Recently I met Vincent Valentine, the founder of The Telephone Museum. Not surprisingly, we were soon talking about Lowell and its role in the development of the telephone. I invited him to share some telephone stories with our readers here on richardhowe.com:

“The Numbers Guy”

How We Got Telephone Numbers

By Vincent Valentine of The Telephone Museum

The year was 1879 and Lowell, MA was the home of The Lowell Telephone Exchange, the first commercial switchboard in Massachusetts as well as the fourth in the World after Connecticut, San Francisco, and Albany. Switchboard technology was burgeoning and these telephone exchanges switched telephone calls by name or location, not with numbers, and were operated by boys.

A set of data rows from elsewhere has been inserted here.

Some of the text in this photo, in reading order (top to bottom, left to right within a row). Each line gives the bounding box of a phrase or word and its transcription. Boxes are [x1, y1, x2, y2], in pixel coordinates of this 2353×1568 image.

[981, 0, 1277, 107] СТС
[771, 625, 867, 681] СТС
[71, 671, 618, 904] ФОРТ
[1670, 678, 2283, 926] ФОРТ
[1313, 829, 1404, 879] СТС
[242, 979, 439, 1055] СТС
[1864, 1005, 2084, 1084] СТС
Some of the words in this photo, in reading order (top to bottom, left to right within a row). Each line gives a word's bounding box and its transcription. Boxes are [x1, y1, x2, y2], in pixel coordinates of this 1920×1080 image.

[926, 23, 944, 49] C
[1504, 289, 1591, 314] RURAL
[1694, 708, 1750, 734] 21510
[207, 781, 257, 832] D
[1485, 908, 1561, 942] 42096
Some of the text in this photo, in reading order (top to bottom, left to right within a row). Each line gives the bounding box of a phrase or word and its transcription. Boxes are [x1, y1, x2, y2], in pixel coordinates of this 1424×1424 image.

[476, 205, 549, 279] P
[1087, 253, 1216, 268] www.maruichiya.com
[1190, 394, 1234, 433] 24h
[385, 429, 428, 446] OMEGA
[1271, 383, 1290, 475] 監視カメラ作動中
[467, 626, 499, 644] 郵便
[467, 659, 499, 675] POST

During that year, Lowell went under siege from a measles epidemic. Dr. Moses Greeley Parker was the physician and became concerned that switchboard operation would be compromised. The Lowell Telephone Exchange was operated by four boys, and if any of them succumbed to the virus, vital telephone communications would halt and it would be difficult to train replacements. So, necessity being the mother of invention, Dr. Parker thought of using numbers instead of names to identify each telephone line. He brought his idea to friend and business associate, Alexander Graham Bell. A numbering system was devised, deployed, and still used today, and that is why Dr. Moses Greeley Parker is “The Numbers Guy”.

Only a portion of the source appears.